* Exercise prompt:
Your answer must be an exact copy of the data, without any pictures.

*-*-*

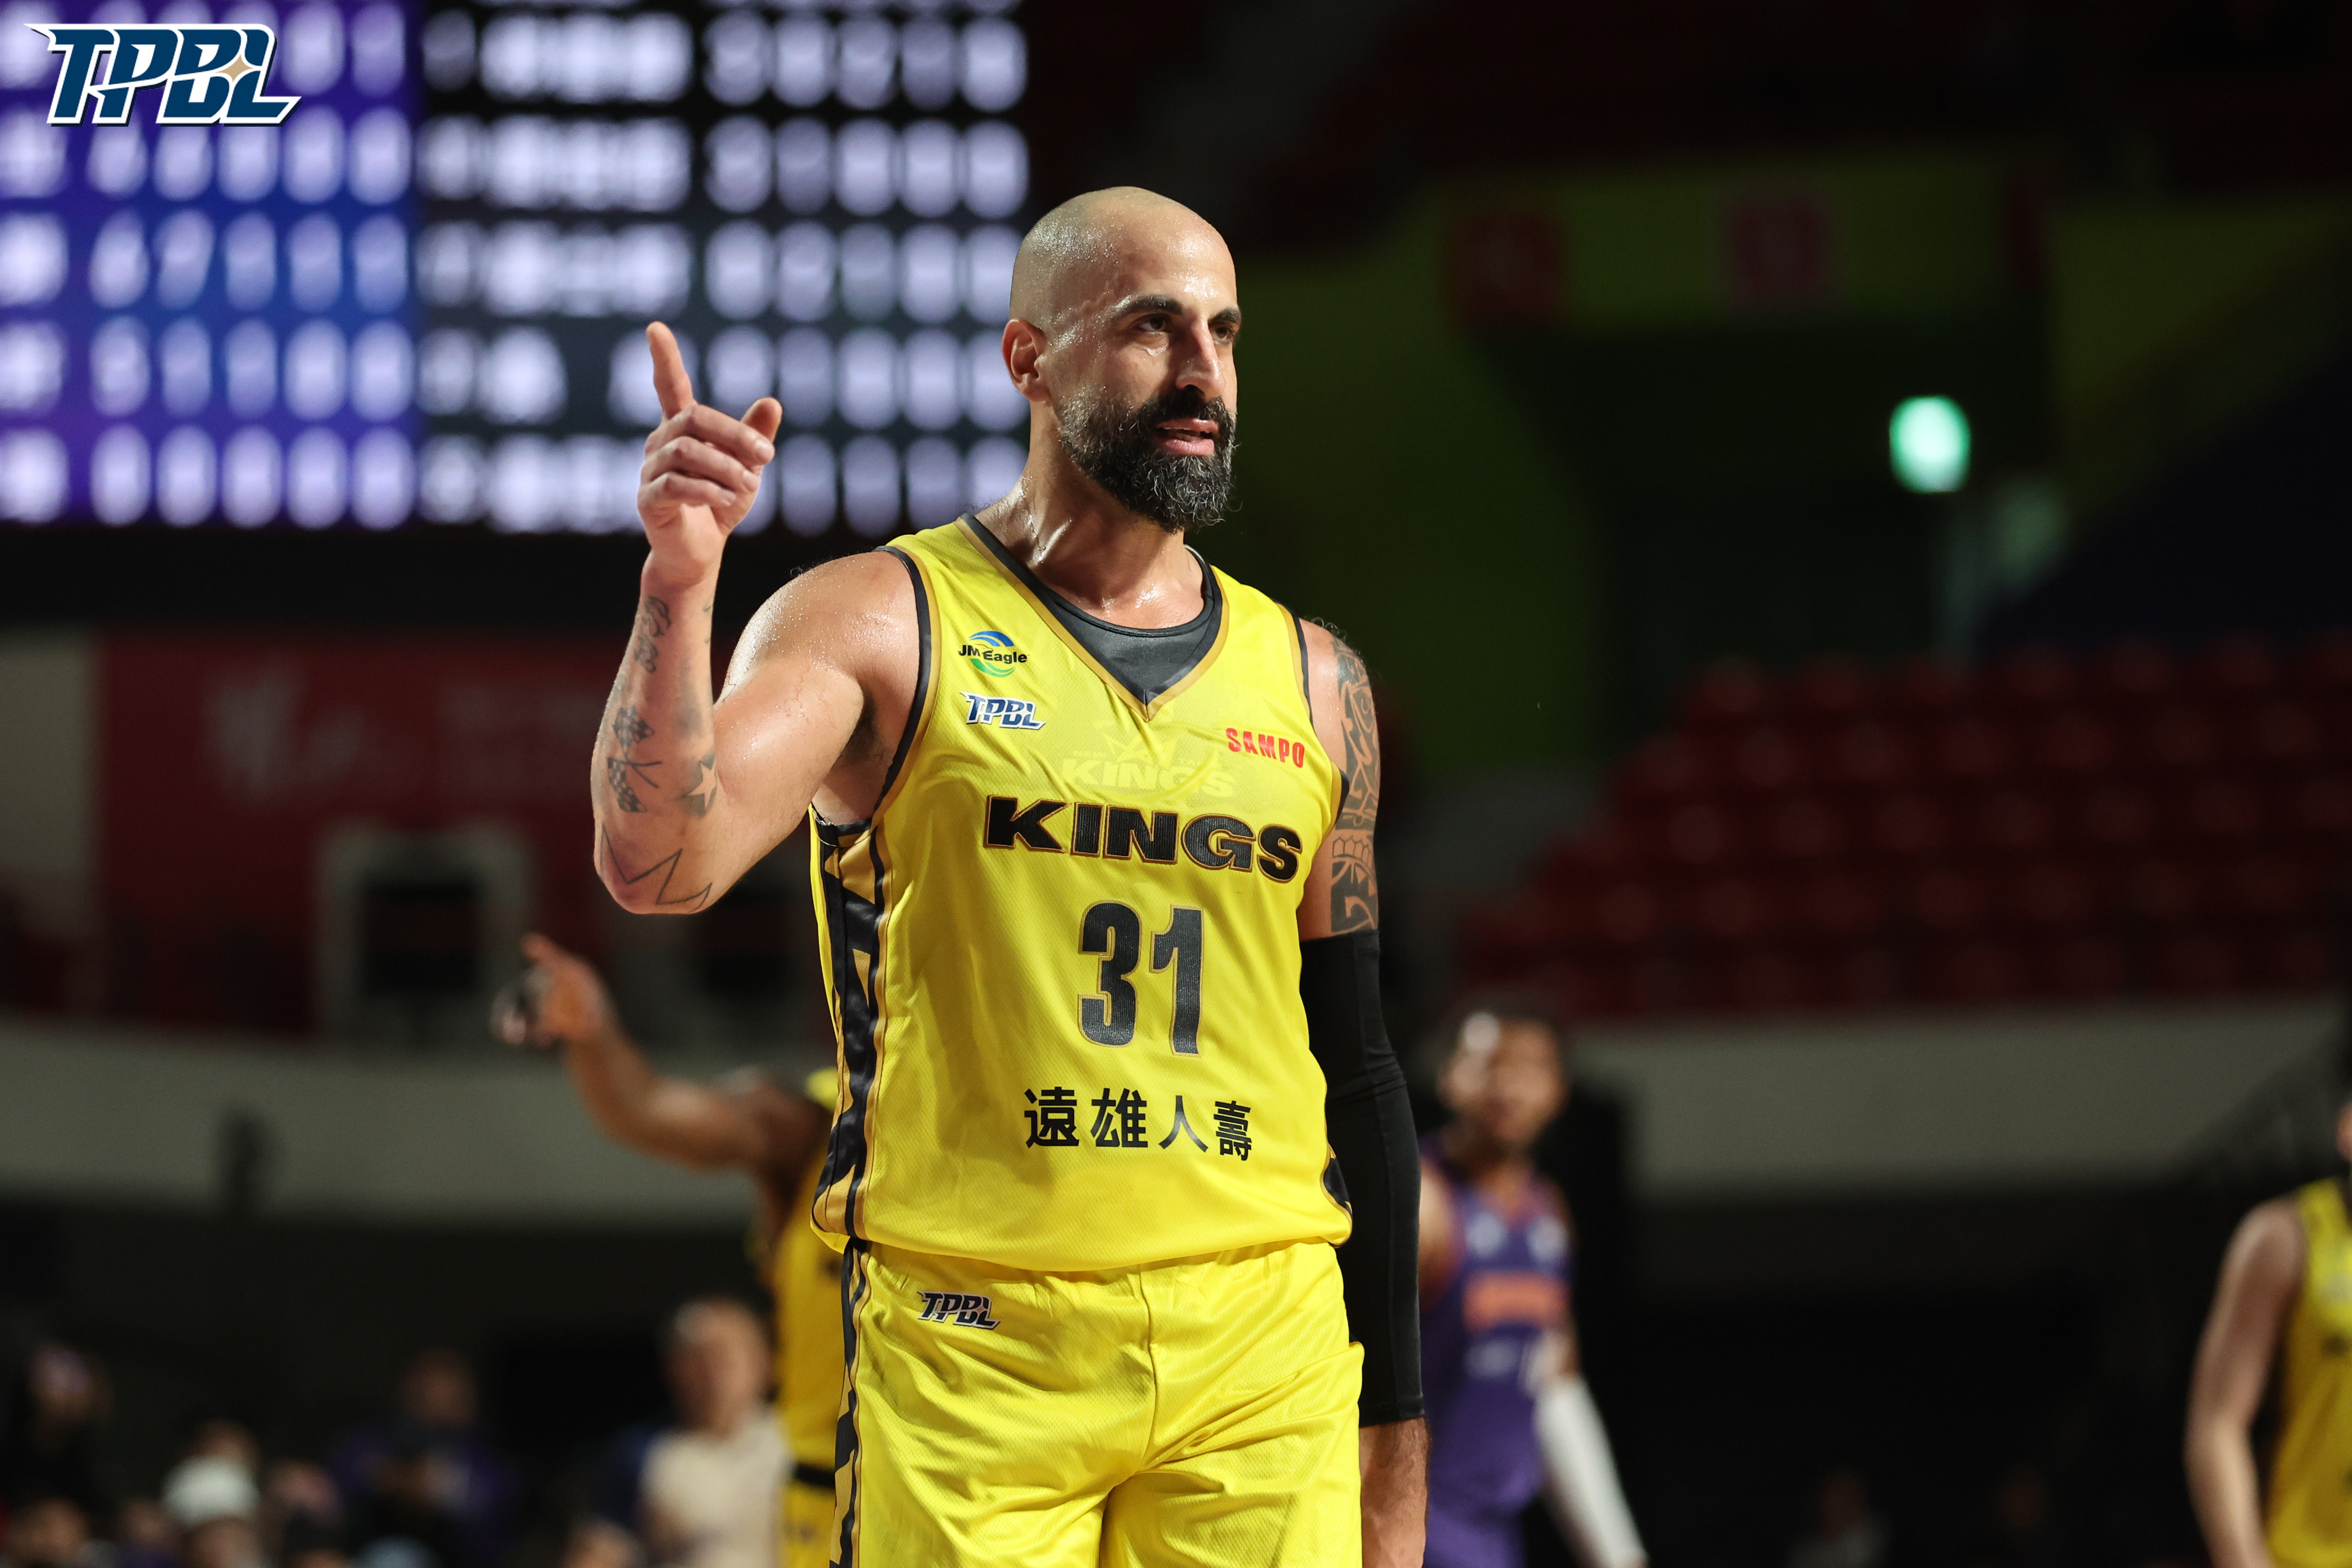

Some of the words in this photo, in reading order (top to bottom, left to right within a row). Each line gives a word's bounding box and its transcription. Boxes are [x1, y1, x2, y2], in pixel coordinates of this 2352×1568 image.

[959, 691, 1046, 730] TPBL
[1226, 728, 1304, 768] SAMPO
[984, 795, 1303, 883] KINGS
[1078, 899, 1203, 1057] 31
[1024, 1086, 1252, 1161] 遠雄人壽
[917, 1291, 1001, 1330] TPBL

*-*-*

* Result:
Some of the words in this photo, in reading order (top to bottom, left to right within a row). Each line gives a word's bounding box and its transcription. Boxes are [x1, y1, x2, y2], in pixel coordinates of this 2352×1568 image.

[959, 691, 1046, 730] TPBL
[1226, 728, 1304, 768] SAMPO
[984, 795, 1303, 883] KINGS
[1078, 899, 1203, 1057] 31
[1024, 1086, 1252, 1161] 遠雄人壽
[917, 1291, 1001, 1330] TPBL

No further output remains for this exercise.